1. what are a wife's responsibilities to her marriage?
2. when is a dying marriage a wifes fault?
3. what if all the romance is there but the wife still isnt receptive to it? 
4. Is it always the husbands fault? (Of course not but certain men say it all the time on here)

I asked my wife. She and I agree there are sets of answers

1. He thinks hes doing "it" but isnt (needs to get some game) 
2. He is doing it and she isnt responding (he needs to sell her on being receptive to it)

My wife felt it was unattractive to have to explain what a woman wants and needs and found it sexy that I figured it out on my own. Sorry wimps but thats what she said and I am proud of it also. 

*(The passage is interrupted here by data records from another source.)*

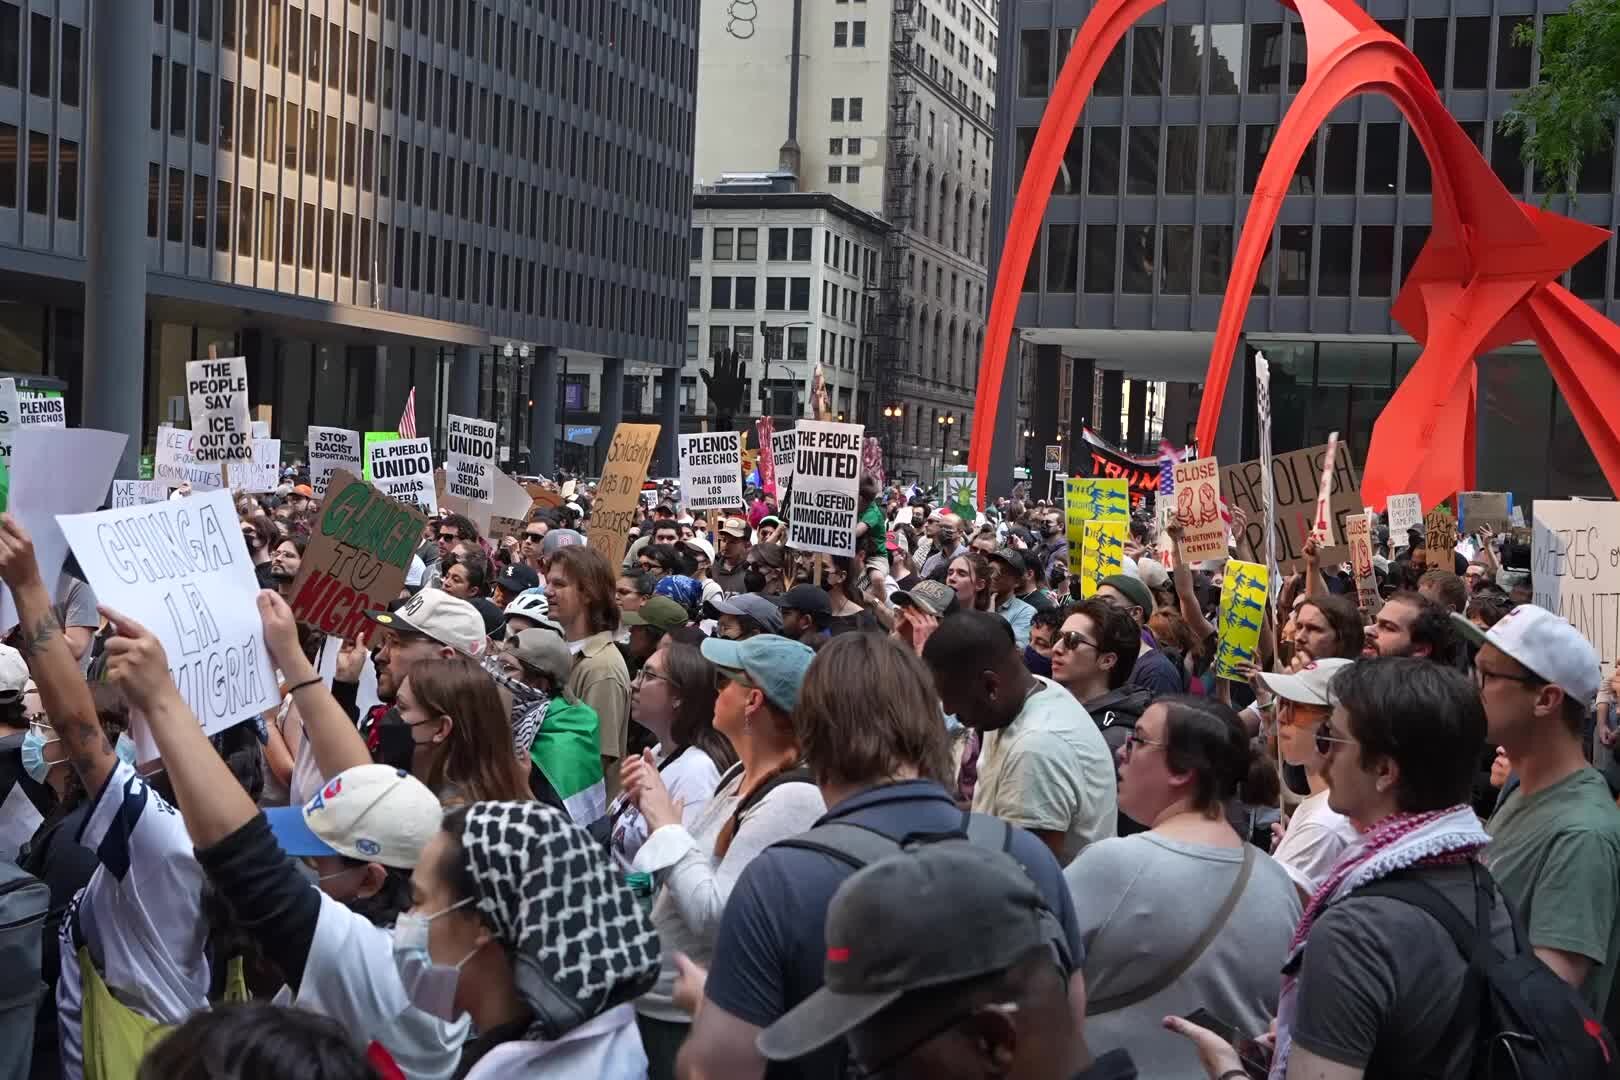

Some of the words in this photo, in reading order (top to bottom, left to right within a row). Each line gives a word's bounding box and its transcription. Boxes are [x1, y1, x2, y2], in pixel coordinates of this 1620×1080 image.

[202, 363, 231, 377] THE
[190, 378, 245, 394] PEOPLE
[20, 400, 62, 414] PLENOS
[205, 395, 232, 410] SAY
[21, 413, 64, 424] DERECHOS
[208, 417, 235, 432] ICE
[320, 432, 347, 443] STOP
[450, 421, 461, 433] ¡EL
[463, 423, 494, 439] PUEBLO
[200, 434, 225, 447] OUT
[229, 433, 247, 445] OF
[449, 434, 493, 459] UNIDO
[689, 436, 738, 454] PLENOS
[772, 433, 795, 453] PLEN
[797, 431, 817, 448] THE
[818, 433, 860, 451] PEOPLE
[196, 446, 252, 461] CHICAGO
[315, 442, 353, 455] RACIST
[371, 448, 387, 461] ¡EL
[389, 443, 428, 457] PUEBLO
[311, 452, 360, 463] DEPORTATION
[689, 452, 739, 466] DERECHOS
[796, 449, 858, 480] UNITED
[158, 463, 221, 487] COMMUNITIES
[372, 456, 431, 479] UNIDO
[456, 461, 485, 477] JAMÁS
[1091, 452, 1162, 491] TRUM
[1176, 462, 1216, 483] CLOSE
[387, 480, 424, 495] JAMÁS
[458, 473, 479, 487] SERÁ
[692, 476, 712, 486] PARA
[713, 474, 737, 485] TODOS
[115, 482, 135, 496] WE
[450, 482, 488, 500] VENCIDO!
[707, 486, 722, 495] LOS
[690, 495, 740, 507] INMIGRANTES
[793, 490, 814, 507] WILL
[816, 493, 855, 512] DEFEND
[793, 507, 853, 529] IMMIGRANT
[97, 504, 233, 585] CHINGA
[791, 525, 852, 550] FAMILIES!
[1186, 542, 1221, 553] CENTERS
[328, 542, 383, 592] TU
[164, 583, 221, 656] LA

I dont pretend to have all the answers because my wife was receptive to my effort to romance her. She was not so completely pissed or confused or rotten as to punish me when I cleaned up my act. 

Our ****ty marriage was my fault. My wifes only crime was not being able to lay it out clearly enough for me to comprehend how big the problem was until she was so pissed her kindness blew a gasket and she was finally unfiltered about it. 

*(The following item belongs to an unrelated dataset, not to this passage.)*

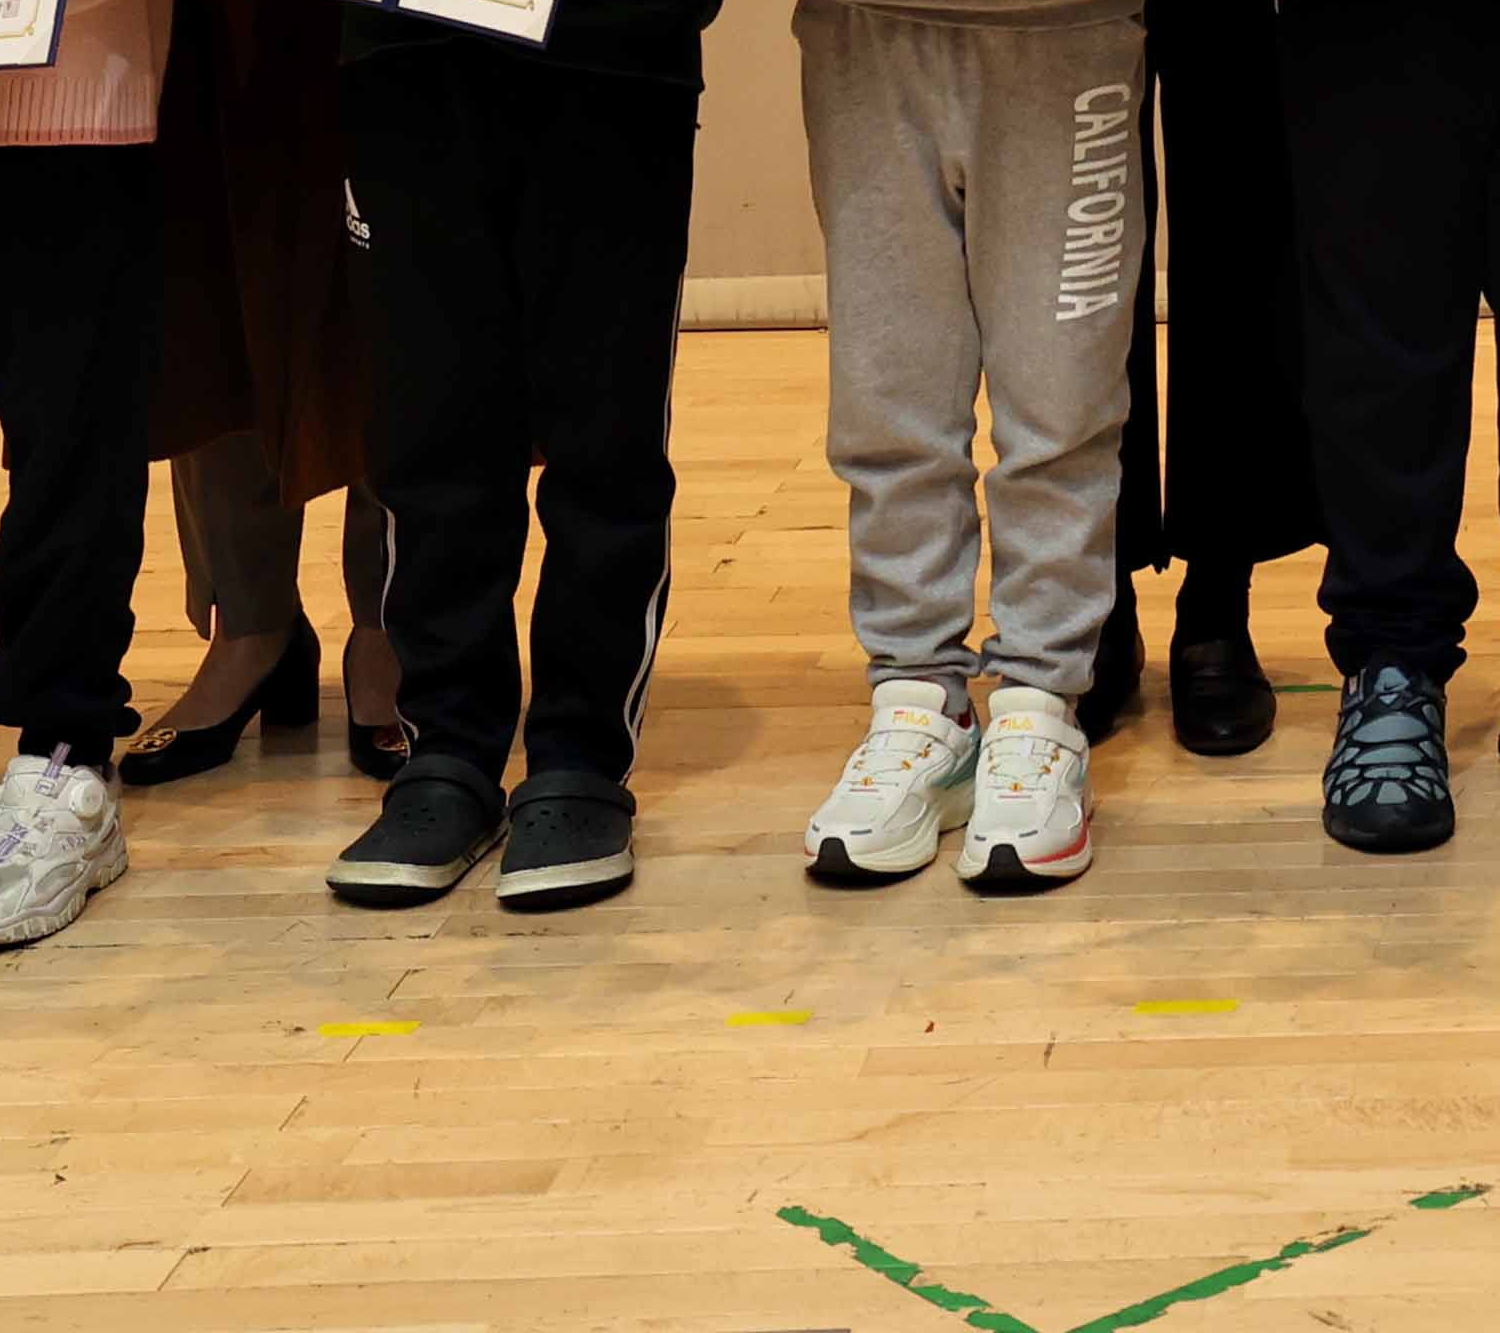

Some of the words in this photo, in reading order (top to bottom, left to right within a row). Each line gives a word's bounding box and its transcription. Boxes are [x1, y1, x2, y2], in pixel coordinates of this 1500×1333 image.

[1054, 83, 1132, 322] CALIFORNIA
[891, 709, 932, 727] FILA
[997, 717, 1035, 732] FILA

So wives of TAM, please tell us Husbands of TAM

1. what are a wife's responsibilities to her marriage?
2. when is a dying marriage a wifes fault?
3. what if all the romance is there but the wife still isnt receptive to it? 
4. Is it always the husbands fault? (Of course not but certain men say it all the time on here)


----------



## that_girl

It's different for every couple.

Ask what your needs are (both of you) then meet them. It's not rocket science.


----------



## YupItsMe

that_girl said:


> It's different for every couple.
> 
> Ask what your needs are (both of you) then meet them. It's not rocket science.

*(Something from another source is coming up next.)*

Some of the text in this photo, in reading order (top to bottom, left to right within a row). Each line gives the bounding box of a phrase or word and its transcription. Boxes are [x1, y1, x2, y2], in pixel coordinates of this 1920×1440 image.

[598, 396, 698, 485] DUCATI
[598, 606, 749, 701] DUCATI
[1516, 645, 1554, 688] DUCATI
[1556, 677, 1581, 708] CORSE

ok list your top three or five if you wouldnt mind. I have always thought you have a very healthy outlook. Id like to hear your specifics to each question.


----------



## that_girl

For my husband: He needs to feel respected, appreciated and loved. For him this means acts of service. Cooking, cleaning, laundry, those things. He needs to feel connected and to him that means sexual intimacy. I love sex with him so this is not a problem. I also talk softly to him. This helps feel connected. He needs to feel like he's important in this home, so I make sure there are things around here that he can do that make him feel important. He needs to feel wanted. I show this by affection and other things. 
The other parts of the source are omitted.